(SUPPLIED MATERIAL)
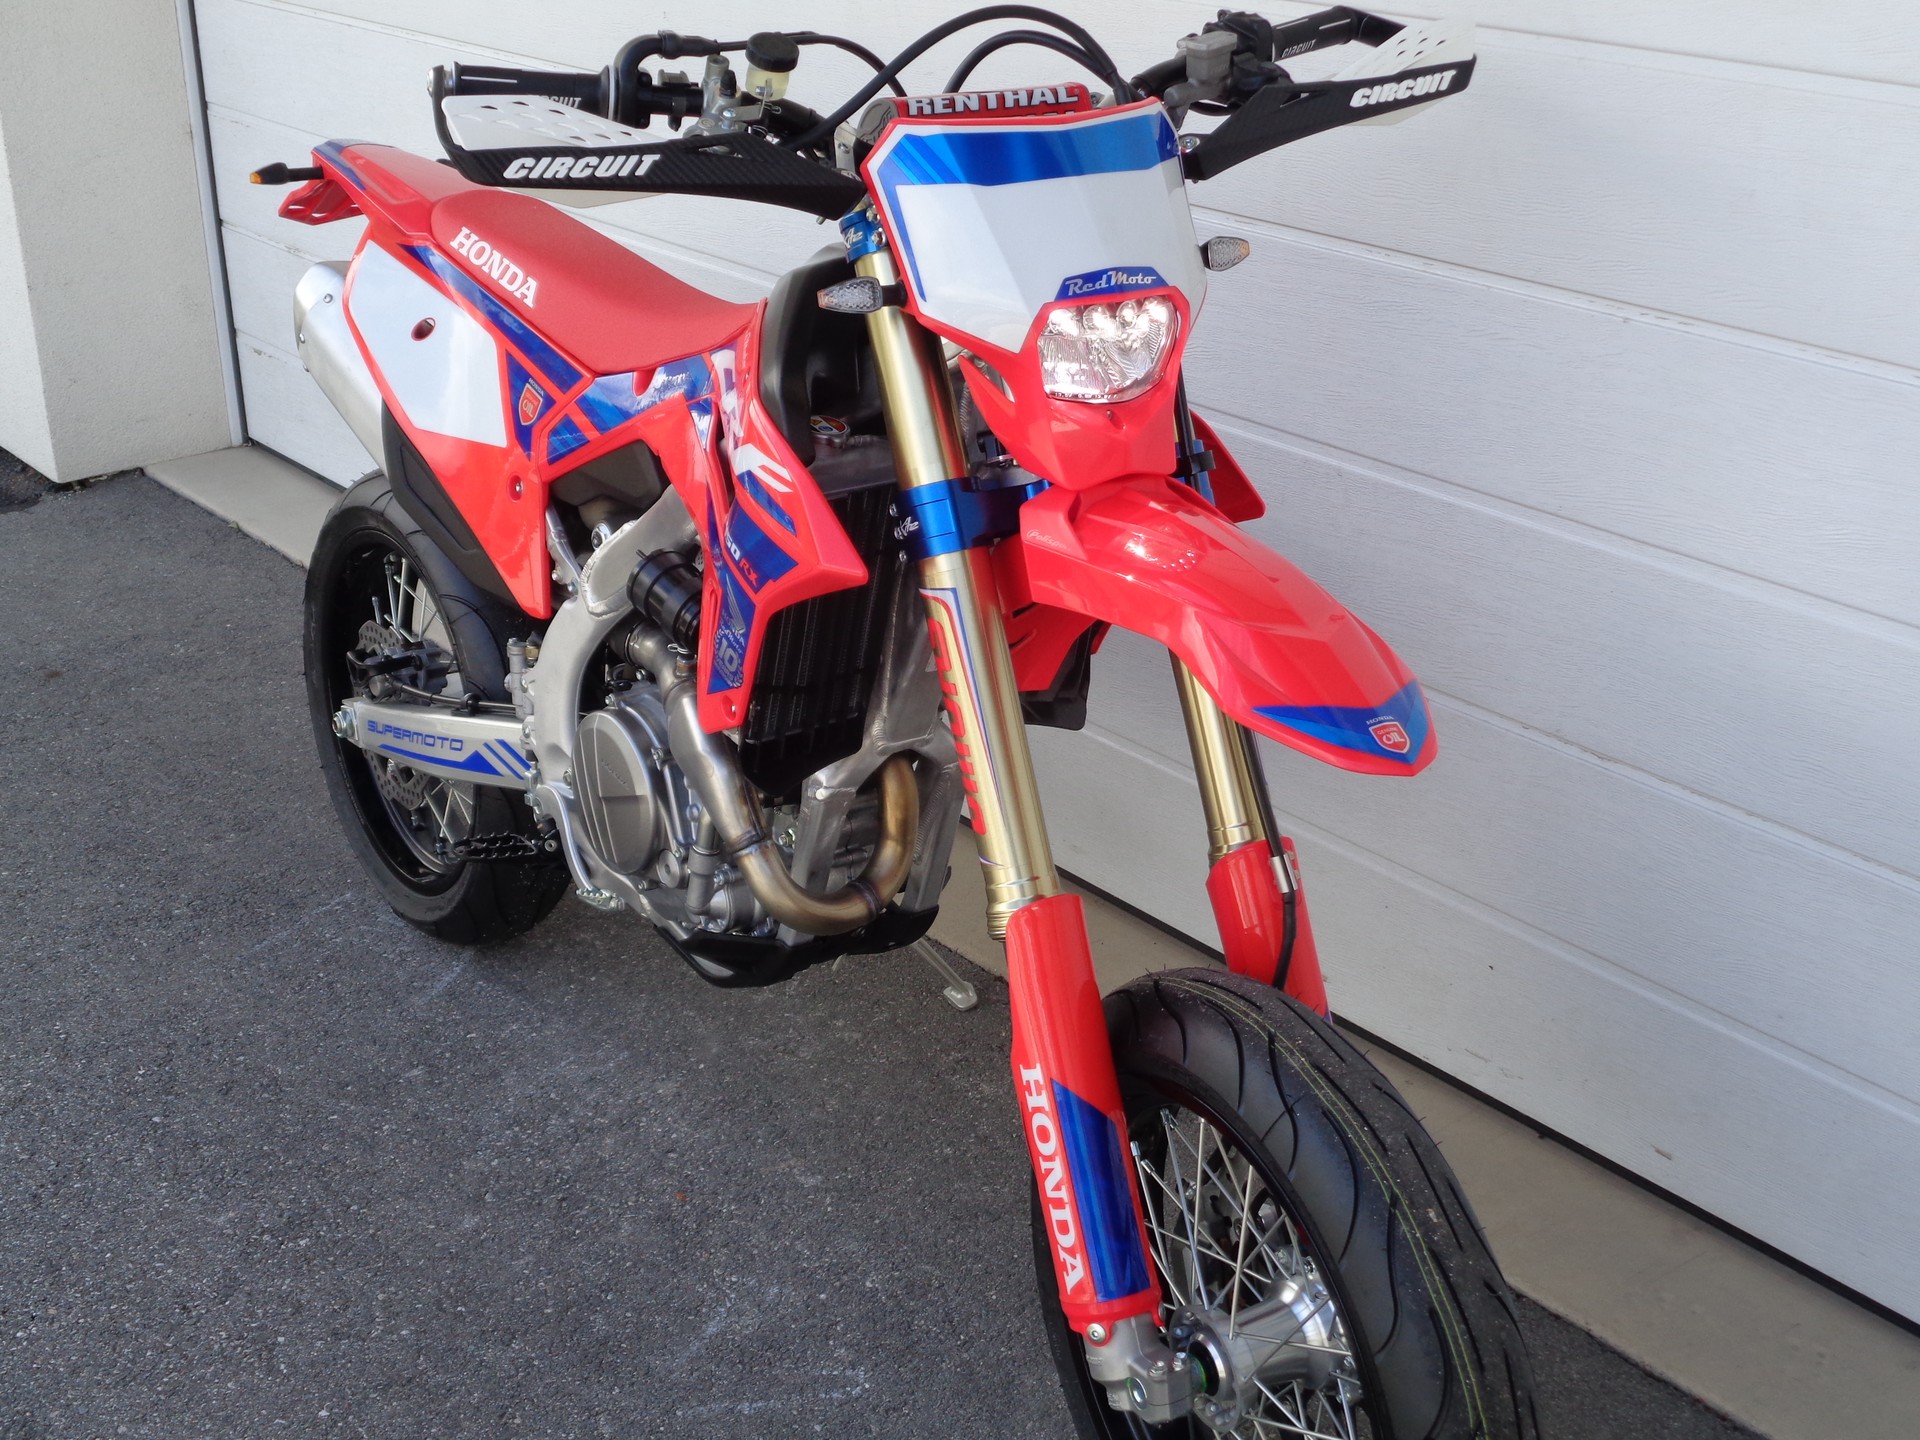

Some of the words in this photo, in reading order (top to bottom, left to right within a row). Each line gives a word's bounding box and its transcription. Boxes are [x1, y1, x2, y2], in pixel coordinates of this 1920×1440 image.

[1281, 39, 1316, 58] CIRCUIT
[907, 86, 1078, 116] RENTHAL
[1349, 69, 1457, 108] CIRCUIT
[502, 153, 661, 180] CIRCUIT
[449, 226, 537, 308] HONDA
[739, 558, 759, 588] RX
[718, 637, 739, 673] 10
[1365, 714, 1395, 725] HONDA
[367, 719, 464, 752] SUPERMOTO
[1382, 732, 1406, 745] OIL
[1019, 1062, 1086, 1296] HONDA
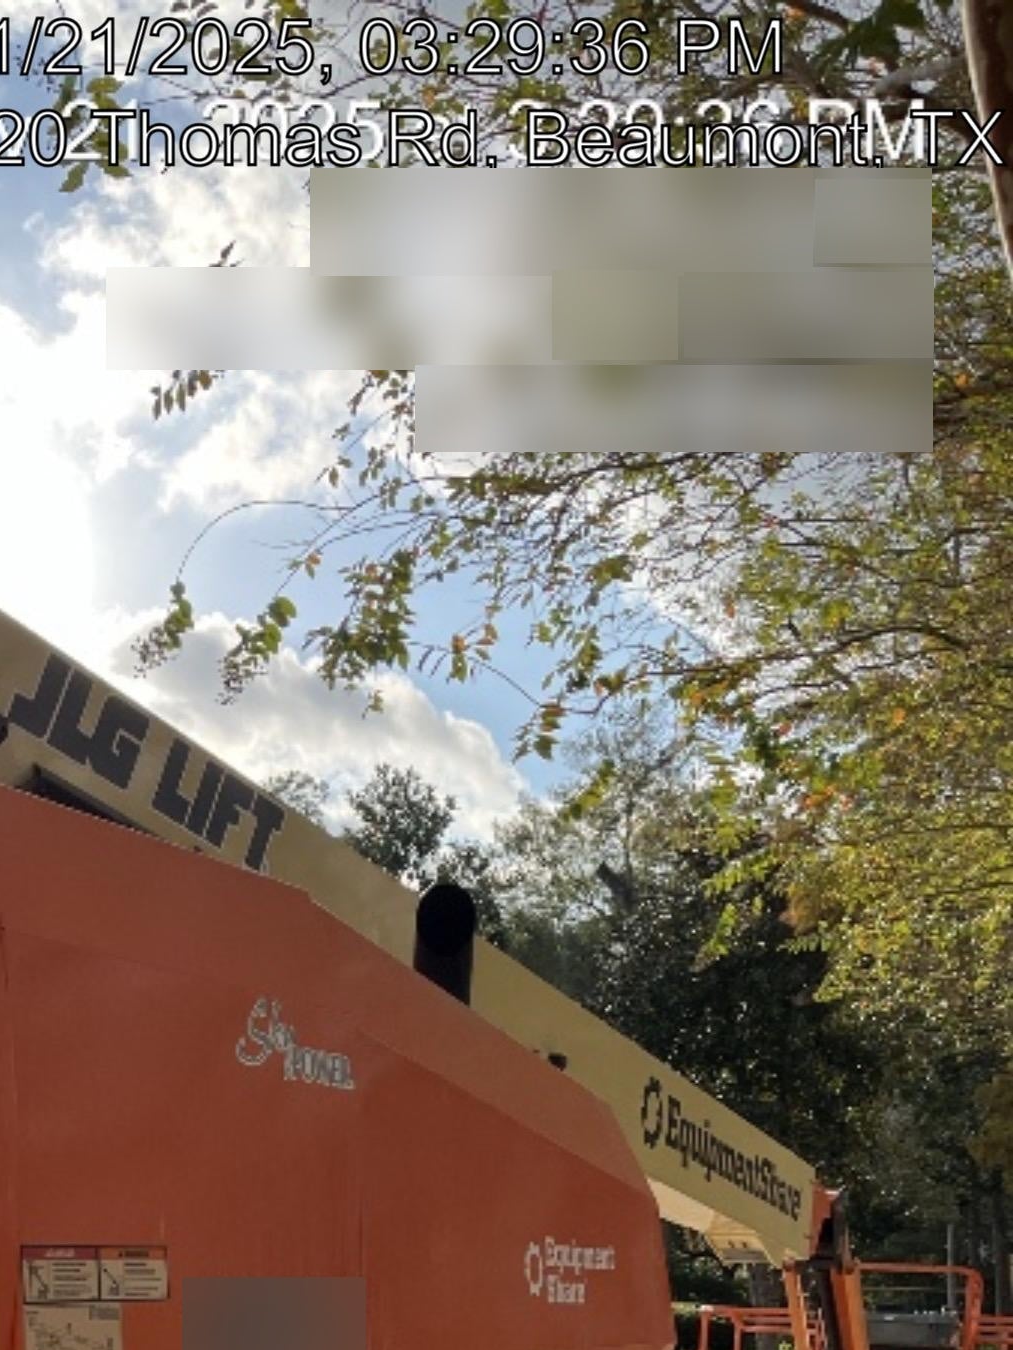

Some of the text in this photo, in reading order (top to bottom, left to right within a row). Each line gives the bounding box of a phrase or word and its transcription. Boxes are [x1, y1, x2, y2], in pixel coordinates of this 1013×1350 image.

[9, 653, 286, 873] JLG LIFT
[665, 1095, 801, 1221] EquipmentShare
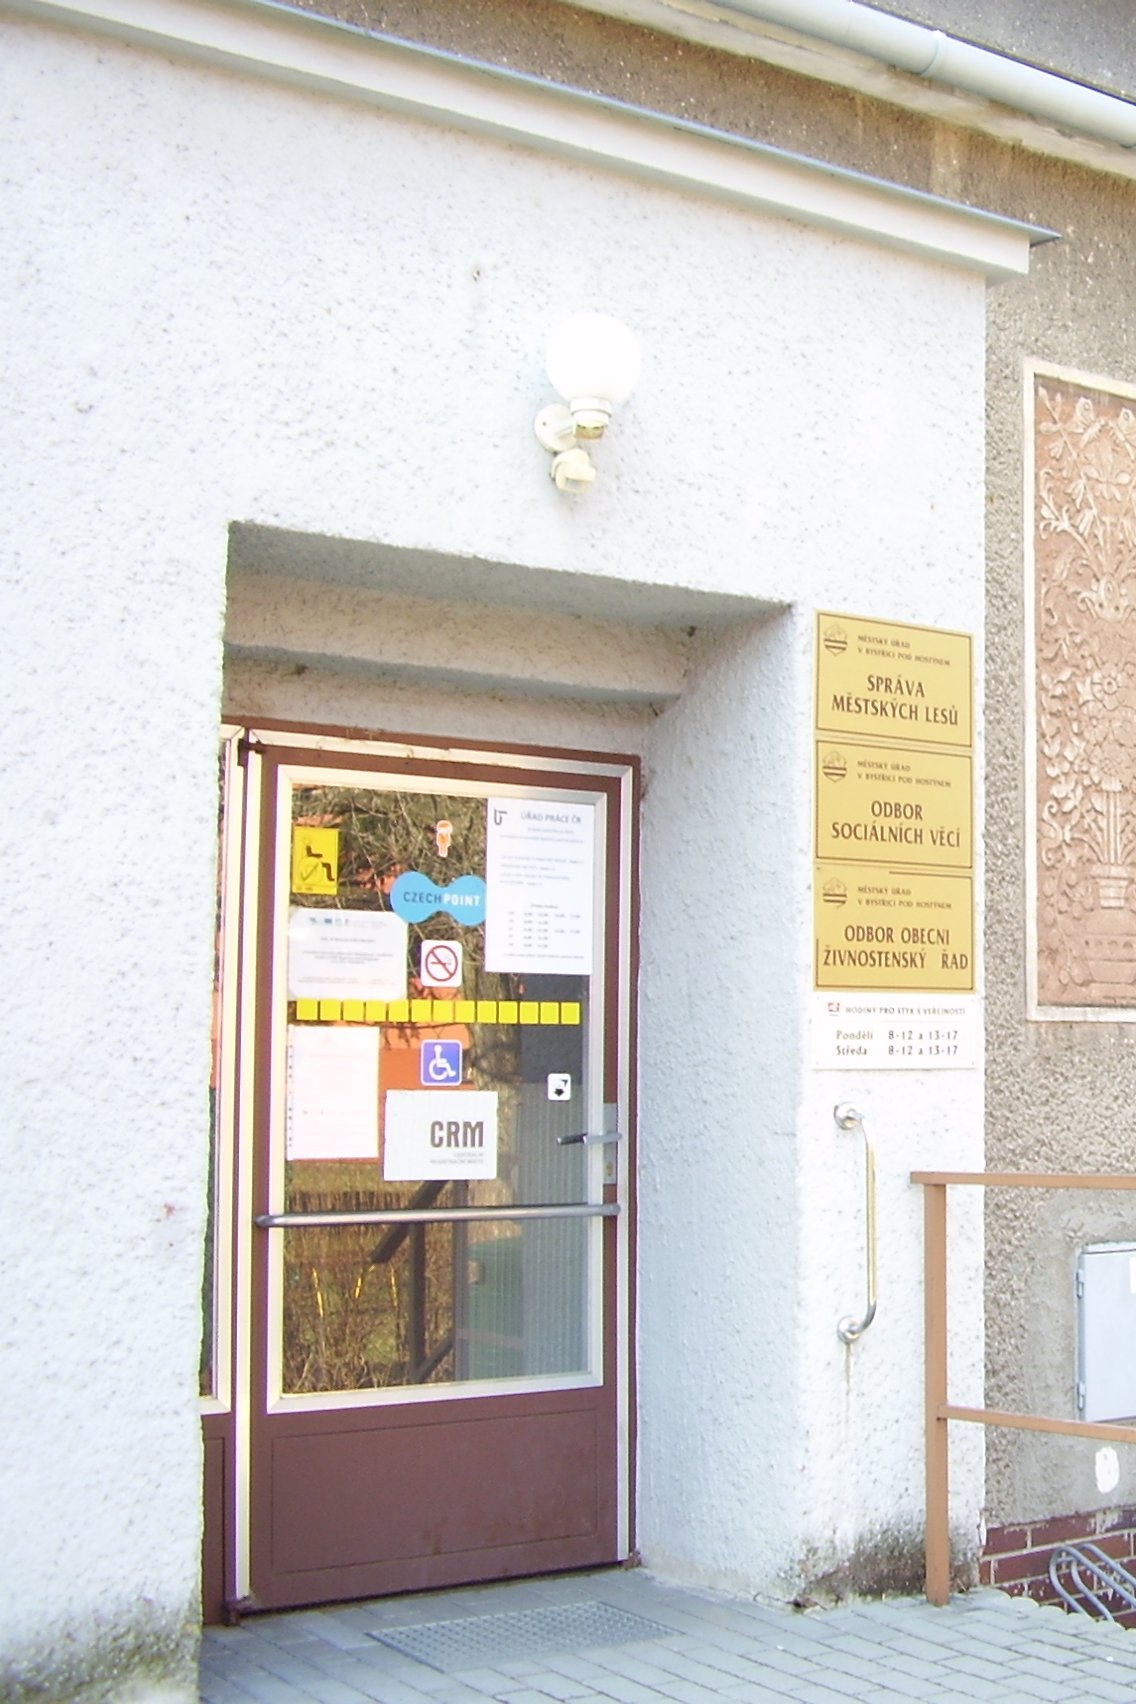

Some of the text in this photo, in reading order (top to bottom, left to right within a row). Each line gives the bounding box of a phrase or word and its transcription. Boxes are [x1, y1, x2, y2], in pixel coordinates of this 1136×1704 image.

[867, 674, 925, 698] SPRÁVA
[831, 691, 958, 726] MĚSTSKÝCH LESŮ
[871, 800, 923, 820] ODBOR
[831, 820, 960, 848] SOCIÁLNÍCH VĚCÍ
[844, 925, 894, 943] ODBOR
[823, 945, 926, 969] ŽIVNOSTENSKÝ
[845, 1006, 876, 1014] HODINY
[836, 1030, 874, 1040] Pondělí
[836, 1045, 868, 1056] Středa
[430, 1120, 484, 1148] CRM
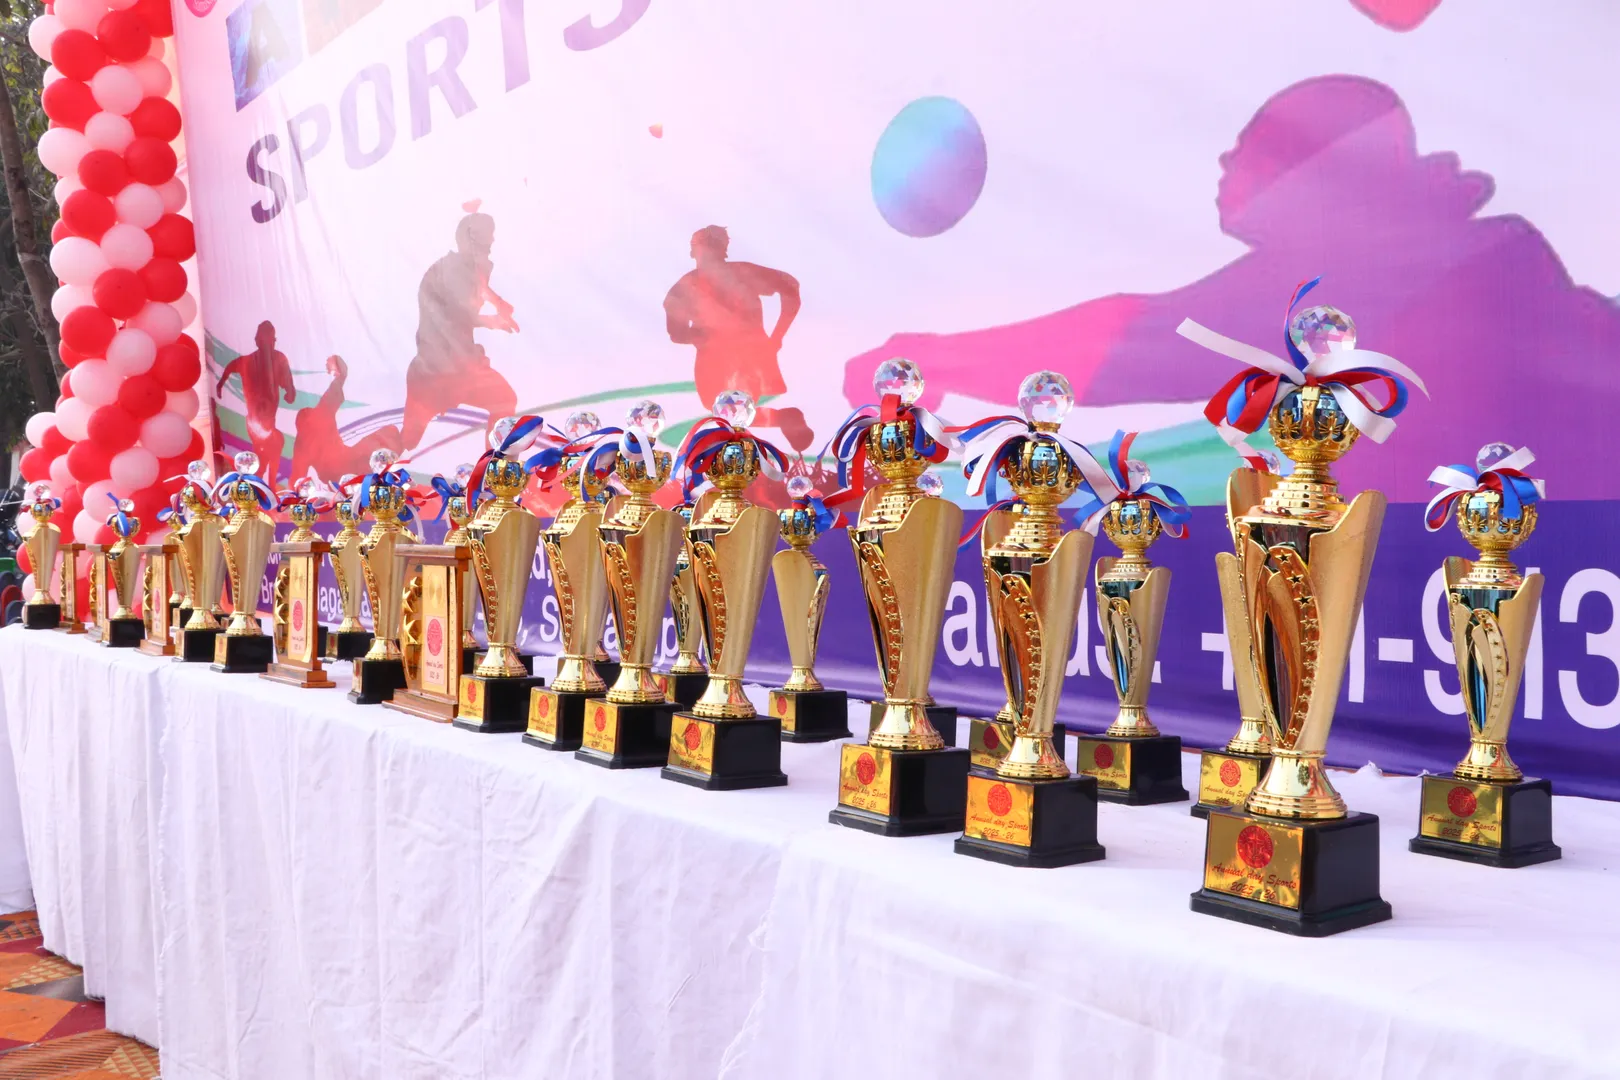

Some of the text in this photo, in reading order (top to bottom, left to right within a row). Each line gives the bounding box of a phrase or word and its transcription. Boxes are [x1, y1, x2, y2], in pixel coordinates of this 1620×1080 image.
(End SUPPLIED MATERIAL)
WHAT YOU NEED TO DO: Would you return the entries verbatim, minus any images?

EXERCISE RESPONSE:
Some of the words in this photo, in reading order (top to bottom, left to right within a row). Each line gives a word's bounding box and its transcription. Boxes are [x1, y1, x2, y2], in pixel coordinates of this 1920×1440 image.

[1281, 39, 1316, 58] CIRCUIT
[907, 86, 1078, 116] RENTHAL
[1349, 69, 1457, 108] CIRCUIT
[502, 153, 661, 180] CIRCUIT
[449, 226, 537, 308] HONDA
[739, 558, 759, 588] RX
[718, 637, 739, 673] 10
[1365, 714, 1395, 725] HONDA
[367, 719, 464, 752] SUPERMOTO
[1382, 732, 1406, 745] OIL
[1019, 1062, 1086, 1296] HONDA

Some of the text in this photo, in reading order (top to bottom, left to right within a row). Each line gives the bounding box of a phrase or word and its transcription. Boxes are [x1, y1, x2, y2], in pixel coordinates of this 1013×1350 image.

[9, 653, 286, 873] JLG LIFT
[665, 1095, 801, 1221] EquipmentShare

Some of the text in this photo, in reading order (top to bottom, left to right within a row). Each line gives the bounding box of a phrase or word and its transcription. Boxes are [x1, y1, x2, y2], in pixel coordinates of this 1136×1704 image.

[867, 674, 925, 698] SPRÁVA
[831, 691, 958, 726] MĚSTSKÝCH LESŮ
[871, 800, 923, 820] ODBOR
[831, 820, 960, 848] SOCIÁLNÍCH VĚCÍ
[844, 925, 894, 943] ODBOR
[823, 945, 926, 969] ŽIVNOSTENSKÝ
[845, 1006, 876, 1014] HODINY
[836, 1030, 874, 1040] Pondělí
[836, 1045, 868, 1056] Středa
[430, 1120, 484, 1148] CRM

Some of the text in this photo, in reading order (top to bottom, left to right within a row). Each line gives the bounding box of a phrase or word and its transcription. Boxes are [x1, y1, x2, y2], in pixel coordinates of this 1620×1080 image.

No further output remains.